Rischio arancione, feste blindate. ‘Omicron minaccia i Pass’. La Campania vieta i party al chiuso

Redazione,  

"Se la mutazione Delta del virus è "in qualche modo sotto controllo con le terze dosi", adesso "Omicron potrebbe sparigliare completamente le carte"

Covid in Campania, De Luca vieta feste nei locali al chiuso

Feste blindate, in Campania persino vietate. Con l’avvicinarsi del Natale l’Italia si avvia a nuove limitazioni. All’orizzonte il Paese vede il rischio della zona arancione e con l’avanzata di Omicron già da gennaio si ipotizzano nuovi scenari sull’utilizzo del certificato verde. “Il Green pass ha la validità che sappiamo, ma tra un mese potrebbe essere ripensato. Se la Omicron buca il vaccino significa che è completamente un altro virus. Adesso questo Green pass ha un senso ma con un’altra variante completamente diversa le cose possono cambiare”, riflette Guido Rasi, consulente scientifico del Commissario straordinario per l’emergenza Covid. Già la prossima settimana, dopo la cabina di regia e il Cdm previsti il 23 dicembre, potrebbe arrivare dal Governo il via libera alle nuove misure annunciate: dai tamponi per tutti coloro che partecipano ad eventi pubblici – dunque anche laddove dovesse essere possibile organizzare veglioni – alle mascherine all’aperto fino all’accorciamento della durata del certificato verde. Con la concreta possibilità che passi l’ipotesi di estendere l’obbligo del lasciapassare rinforzato, e dunque del vaccino, anche ad altri ambienti lavorativi, come già avviene per sanitari, forze dell’ordine e insegnanti.

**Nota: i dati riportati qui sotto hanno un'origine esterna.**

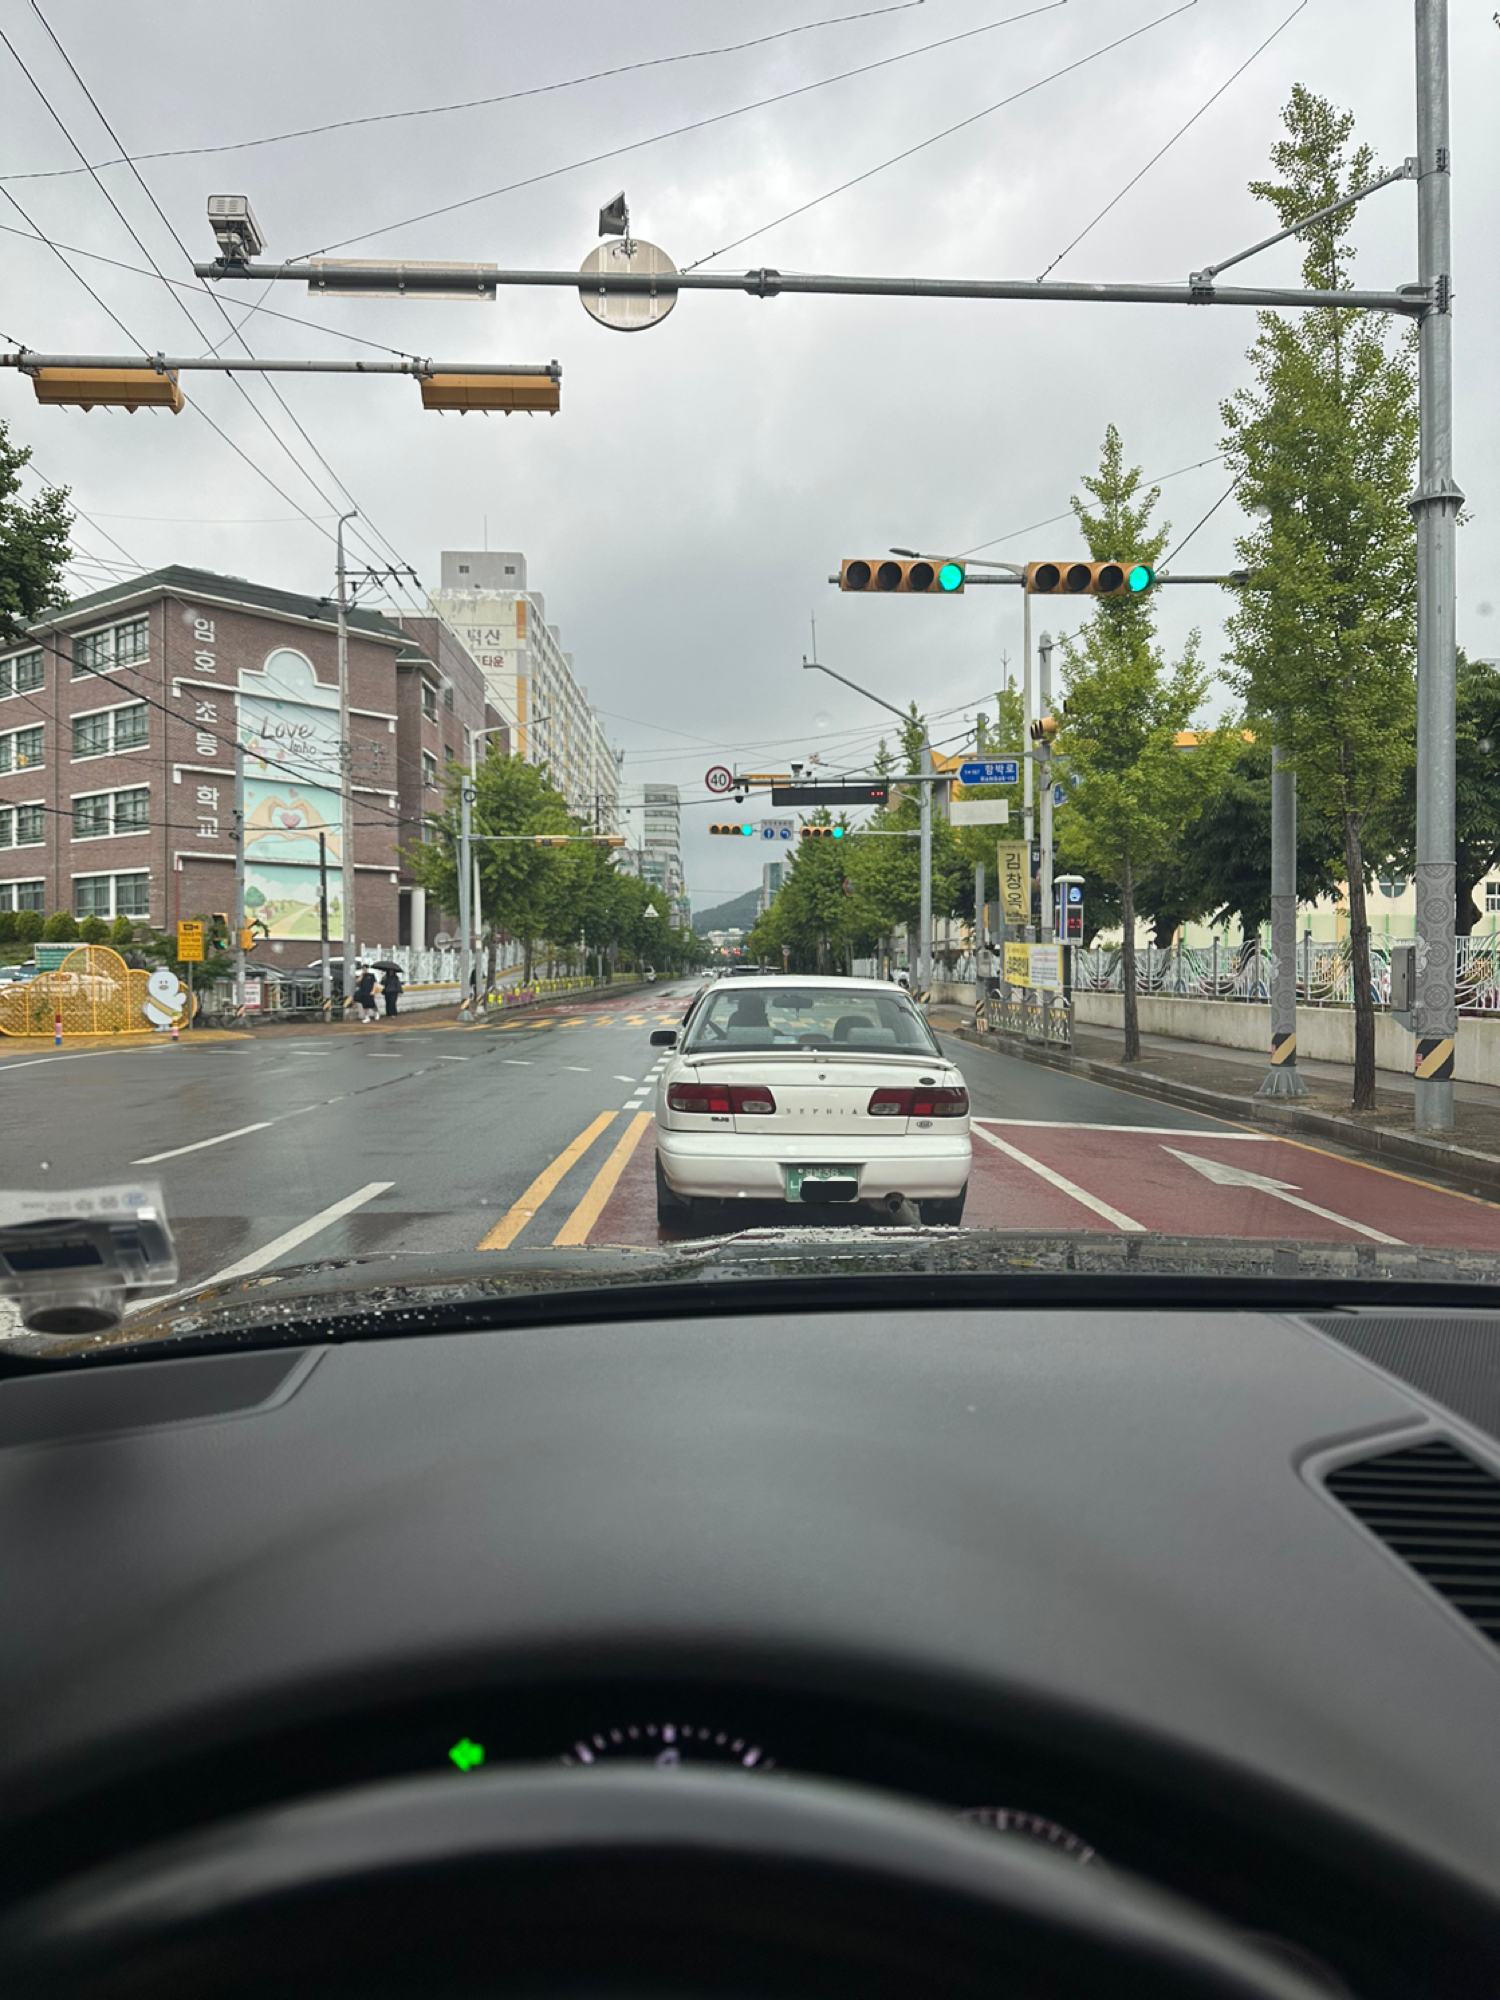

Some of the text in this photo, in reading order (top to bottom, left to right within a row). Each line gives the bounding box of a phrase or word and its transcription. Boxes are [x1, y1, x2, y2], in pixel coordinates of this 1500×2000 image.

[261, 716, 316, 739] Love
[984, 763, 1015, 776] 함박로
[711, 773, 727, 786] 40
[1005, 853, 1023, 909] 김창옥
[786, 1107, 858, 1115] SEPHIA
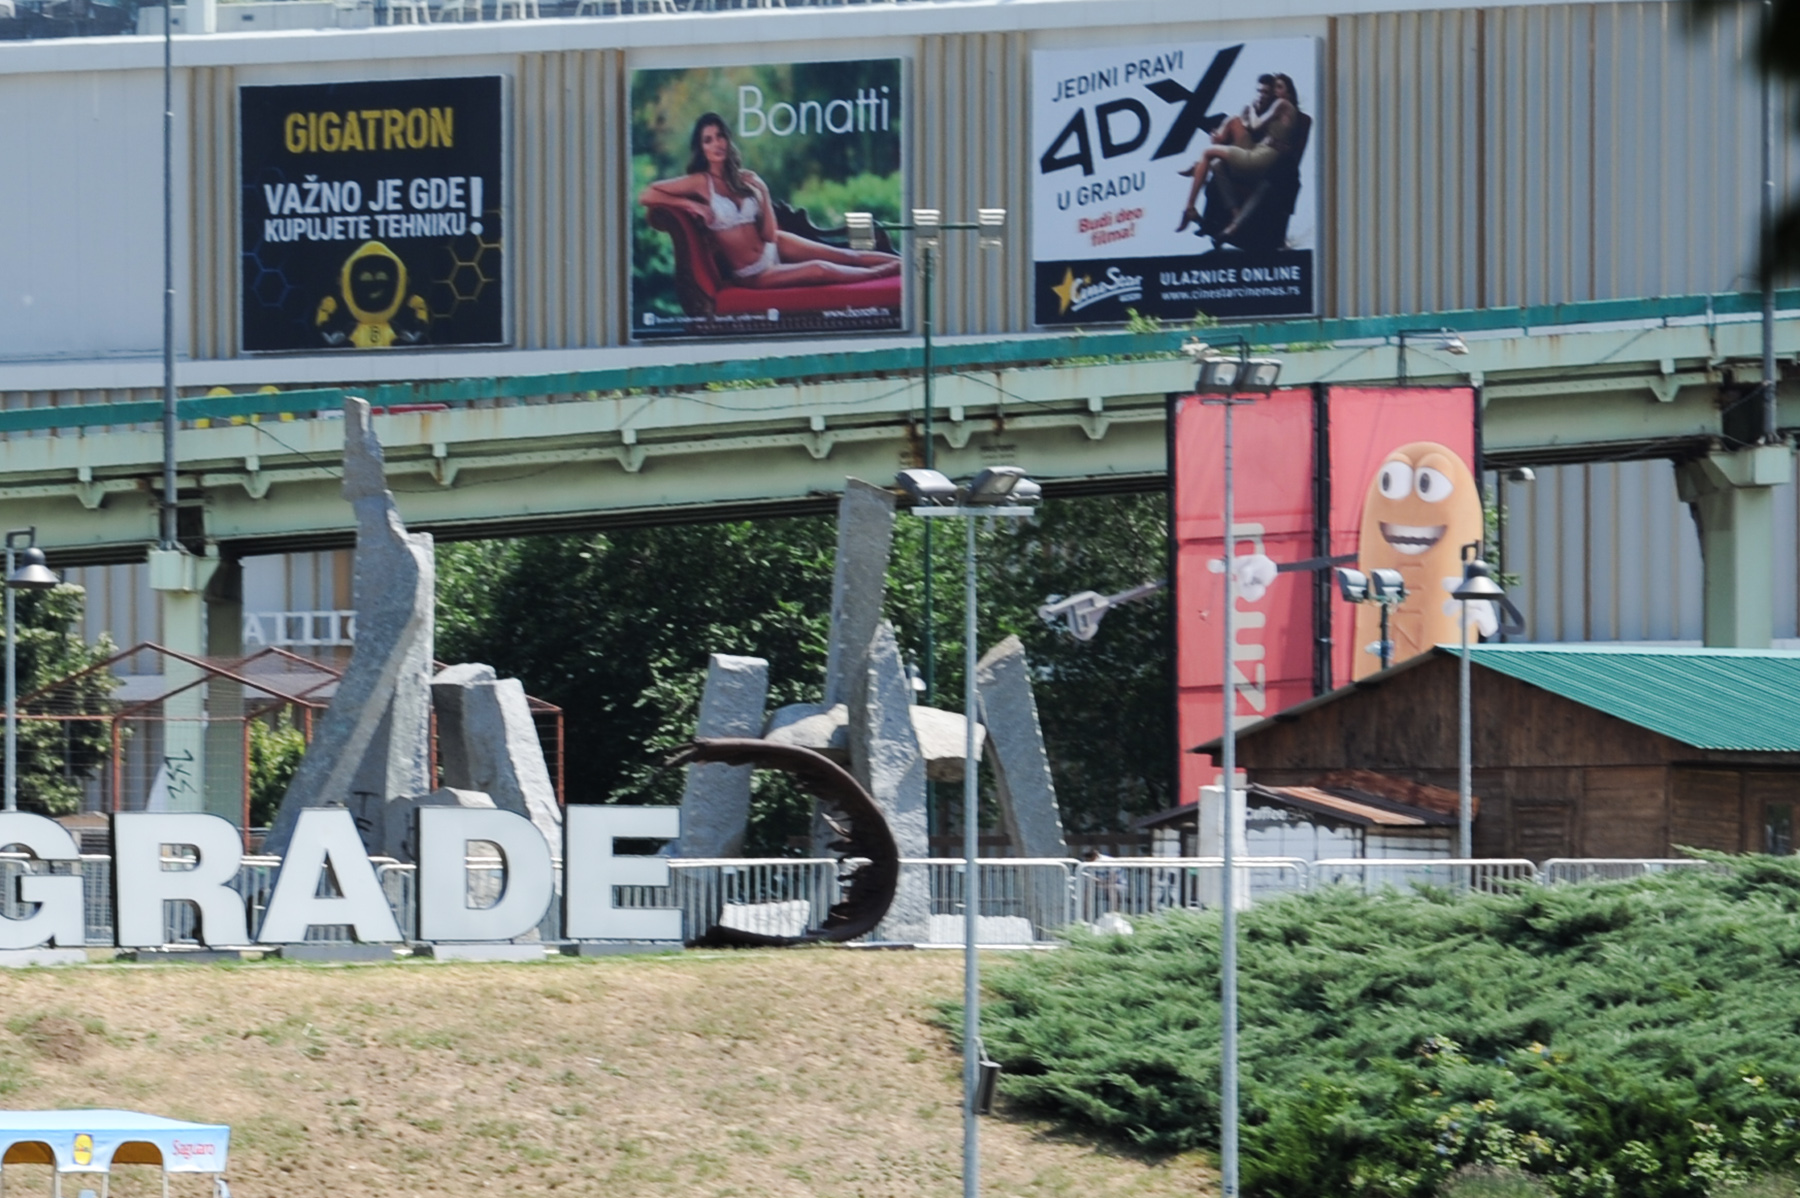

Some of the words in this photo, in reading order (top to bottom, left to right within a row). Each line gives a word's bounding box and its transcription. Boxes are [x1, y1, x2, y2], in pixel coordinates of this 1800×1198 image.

[1052, 67, 1119, 102] JEDINI
[1124, 50, 1184, 84] PRAVI
[284, 107, 454, 153] GIGATRON
[738, 85, 890, 138] Bonatti
[1040, 43, 1246, 177] 4DX
[263, 174, 361, 215] VAŽNO
[368, 179, 403, 211] JE
[1057, 189, 1071, 211] U
[1077, 171, 1146, 207] GRADU
[264, 217, 372, 242] KUPUJETE
[1160, 268, 1237, 286] ULAZNICE
[1241, 265, 1300, 282] ONLINE

La Campania va oltre, vietando con un’ordinanza feste scolastiche, di laurea e compleanno in locali al chiuso. “Sull’uso delle mascherine servono controlli seri mentre finora essi sono stati inadeguati”, sottolinea il governatore De Luca. E Zingaretti anticipa le mosse dell’Esecutivo apprestandosi a firmare un’ordinanza che impone nel Lazio l’obbligo di mascherina all’aperto dal 23 dicembre nonostante la regione resti in zona bianca, almeno fino a Natale. C’è anche chi, come l’associazione degli anestesisti, invoca provvedimenti più duri, come quelli adottati in Austria, chiedendo “misure di contenimento sociale più drastiche per frenare la circolazione del virus, ad esempio il lockdown stringente per i non vaccinati”, visto che “abbiamo poco tempo per agire con misure più restrittive e prevenire un aumento di casi e ricoveri. Al contrario, c’è stato un allentamento dei comportamenti prudenti, anche per l’avvicinarsi delle feste”. Guido Rasi, consulente scientifico del generale Figliuolo, ammette che l’assegnazione della zona arancione per alcuni territori ormai è solo questione di settimane. “Ci stiamo avvicinando, perché continua ad aumentare l’occupazione dei posti ospedalieri”, per questo “è fondamentale dunque fare subito le terze dosi. I vaccini ci sono e la campagna sta procedendo bene ma è una corsa contro il tempo”.

Alcune variabili sono però ancora un’incognita. Se la mutazione Delta del virus è “in qualche modo sotto controllo con le terze dosi”, adesso “Omicron potrebbe sparigliare completamente le carte”, avverte Rasi. L’unica vera arma a disposizione contro la nuova variante, che in Gran Bretagna e altri Paesi europei ormai dilaga, resta il monitoraggio delle sue mutazioni attraverso il tracciamento e il supporto degli appositi istituti di analisi. Nuovi risultati sono attesi nelle prossime ore, quando scatterà la ‘flash survey’ annunciata dal ministero della Salute: saranno passati sotto la lente degli esperti un numero di campioni statisticamente significativo raccolti in 24 ore e non è escluso che l’Italia possa ritrovarsi percentuali di Omicron molto più alte tra i numeri dei contagi, che in generale nell’ultimo bollettino si attestano a 24.259 nuovi positivi e 97 vittime (tasso al 4,3%). L’obiettivo è aumentare il sequenziamento del virus in “modo sostanziale”. Tuttavia, soltanto 70 laboratori contribuiscono alla piattaforma che l’Istituto superiore di sanità ha messo a disposizione. “E 70 laboratori per 60 milioni di italiani sono pochi”, riflette Rasi, per il quale “si raccolgono pochi dati e lentamente. Rischiamo di sapere tardi la portata dell’andamento del virus, ritardando decisioni importanti”.